Most days her letter went like this:
"Dear fairies. Iloveyouiloveyouiloveyouiloveyoubecauseyoubringmetheletters." One day, after a particularly long day together, (as often is the case when your captive audience is a 3 and a 1 year old) June was dragging her feet to get into bed. Exasperated I said to her "June write your letter now or no letter tonight!" Ask me how awful I felt as she sobbed as she wrote "Dear Fairies, Mama's not going to let me write a letter but I love you SO MUCH."
And then as the summer wound down, and we realized the fairies would be migrating south for the winter on the backs of the monarch butterfly population (that conveniently leaves Ontario for Florida and Mexico the first weekend of September, like clockwork every year) her letters started talking about the monarch butterflies and about their trip for the winter, and while she would miss them, she would see them next summer. Of course she's three and can't write, but these are the words she spoke out loud as she wrote; it's funny but do you remember a time when you couldn't read or write in your head? The world was so much more transparent and obvious. Obviously there are fairies in trees; obviously they can't stay here this winter! Obviously when I write a letter I use my voice and my hands and my whole heart.
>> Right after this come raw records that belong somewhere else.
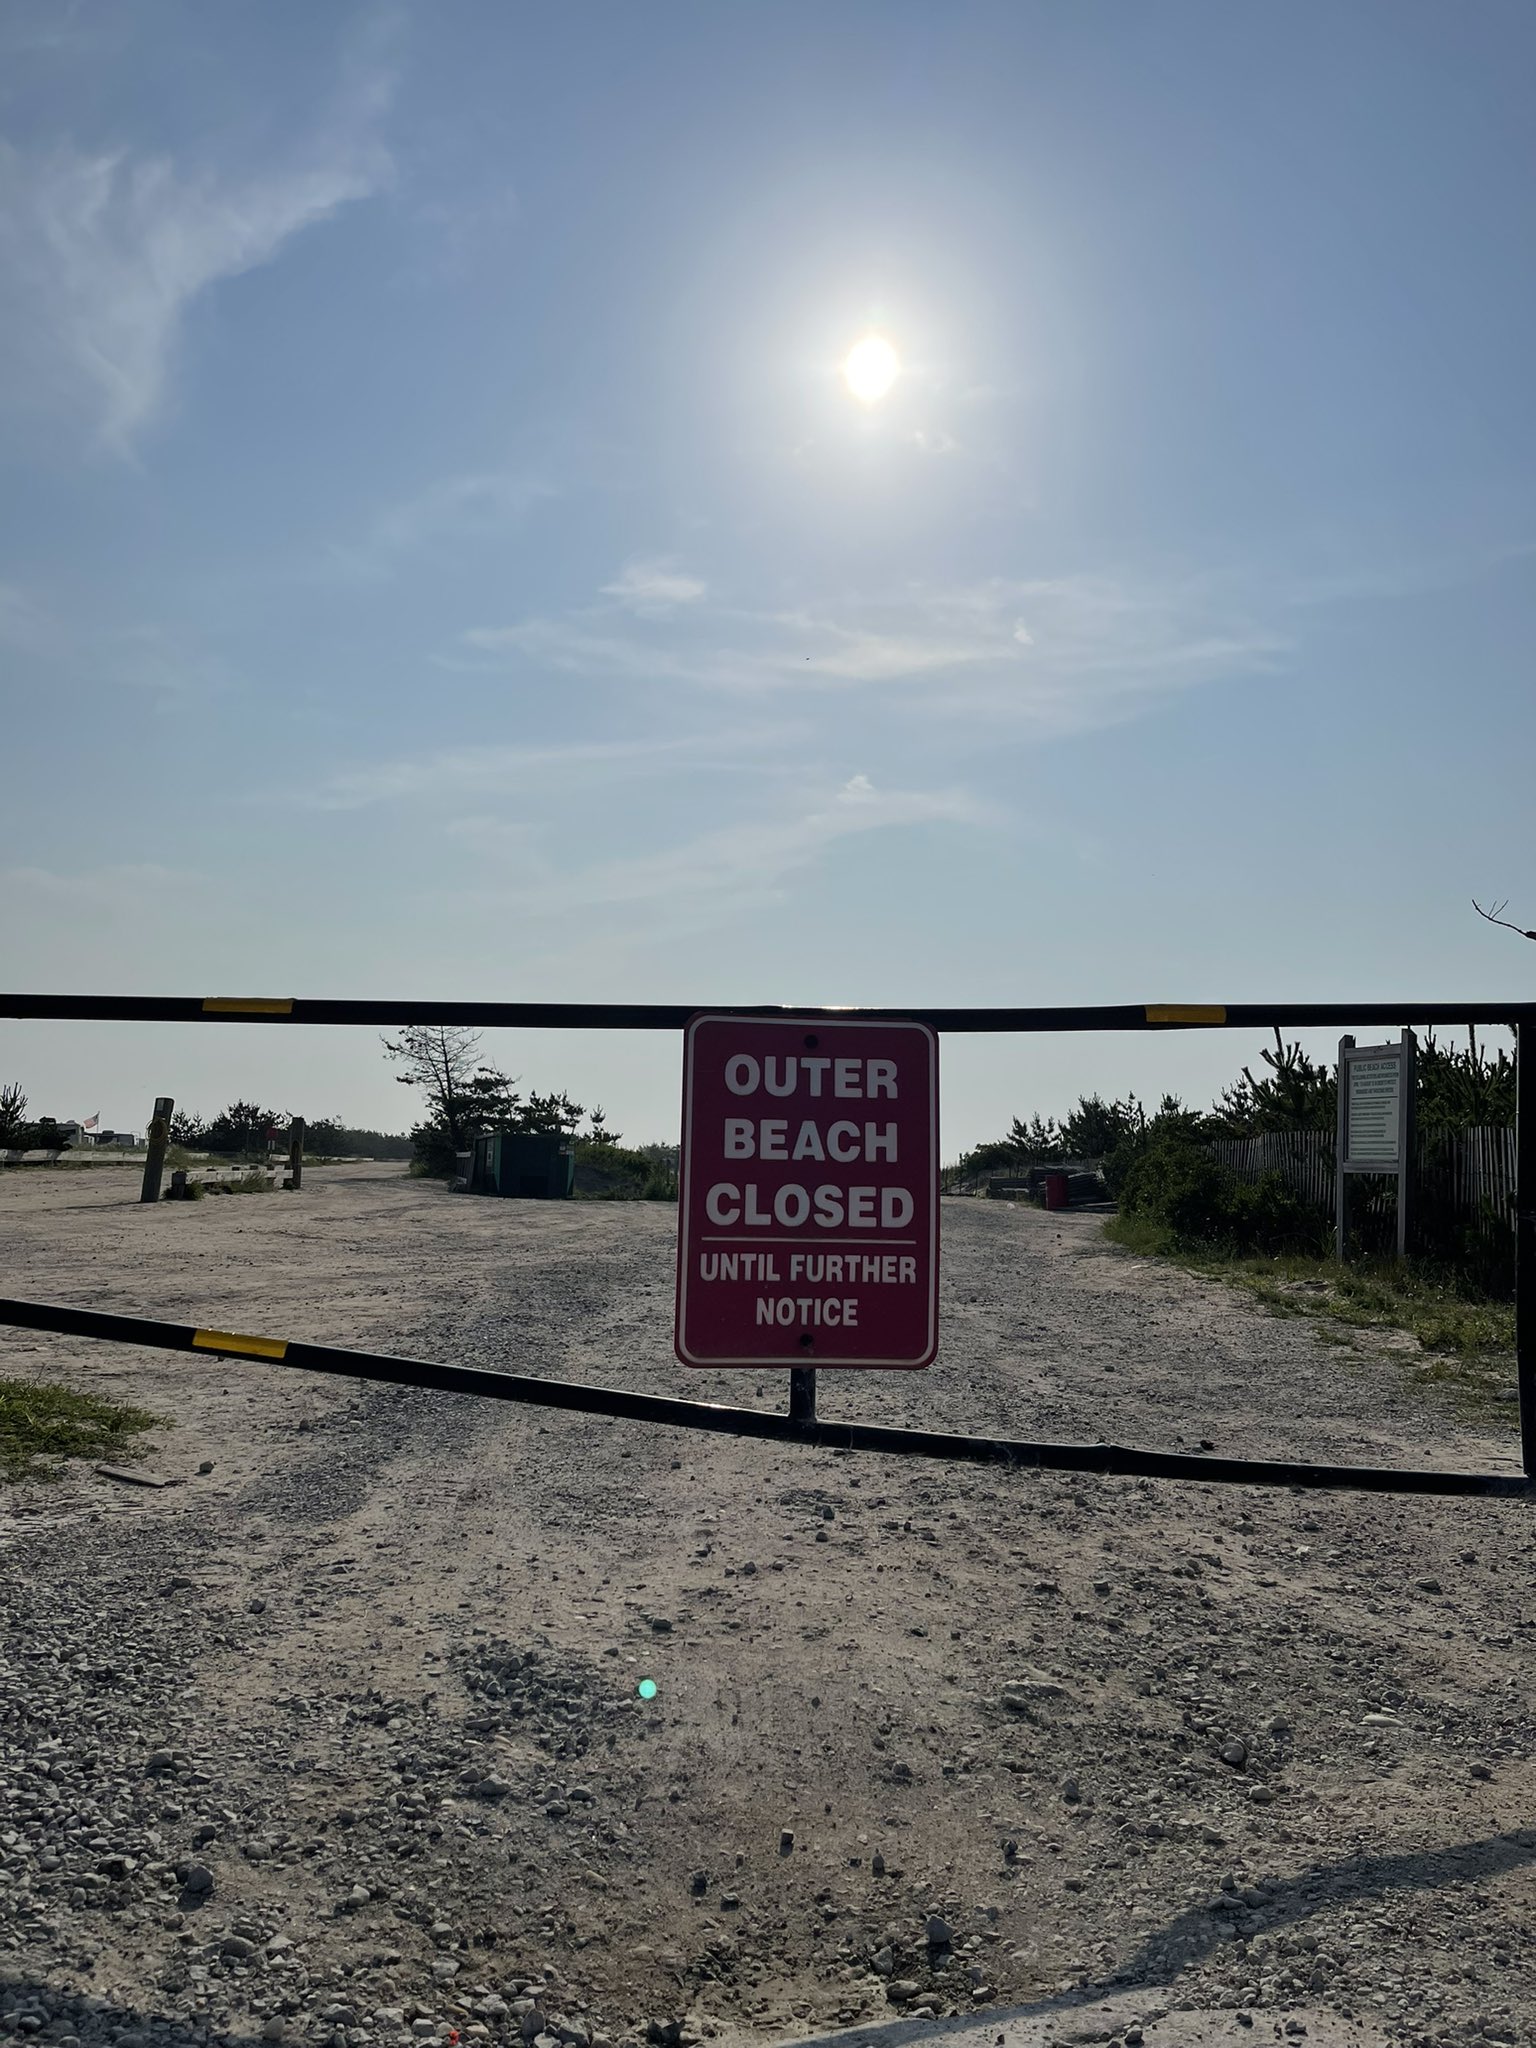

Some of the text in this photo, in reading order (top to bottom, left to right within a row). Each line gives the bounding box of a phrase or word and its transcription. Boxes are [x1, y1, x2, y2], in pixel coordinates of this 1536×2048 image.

[724, 1053, 899, 1100] OUTER
[723, 1118, 898, 1163] BEACH
[705, 1183, 915, 1229] CLOSED
[700, 1253, 917, 1284] UNTIL FURTHER
[756, 1297, 859, 1327] NOTICE
So on the long weekend we threw the fairies one last party. We set the tent up. Pulled the sleeping bags out. Pulled all the stops with hibiscus flowers in their swimming pool and vines around the doorway and a carpet of Hosta leaves leading away from the doorway. June added milk and creamers from the diner for their drinking cups and we fixed their swing and wrote a goodbye letter. We placed it in the hole and then after it got dark we had a bon fire and ate s'mores and then we went swimming under the stars. And after we had dried off around the fire again, we walked through the heat of that early September night and tucked our three-year old dreamer into her sleeping bag under the tree that her fairies lived in for a summer.
I woke up several times throughout the night always to the sound of the tree frogs singing away. And like magic in the morning, you could feel the fairies had left before the dawn. They had likely had one heck of a party, having left a trail of hydrangea petals from the tent door to the fairy tree. Their letter said they didn't want to wake June up. And I believe them.
In the past week she has told me how much she misses the fairies. And how she wishes she could still write them letters. But she knows they aren't there. I wonder how much of this will come to mind next summer; when the nights are hot again. When the trees start singing again. When the gladiolas won't quit. For me, as you can probably imagine happens when you are part of something magical, this summer has become seared in my mind; The summer that we found a fairy door in a tree in our backyard and the summer of June.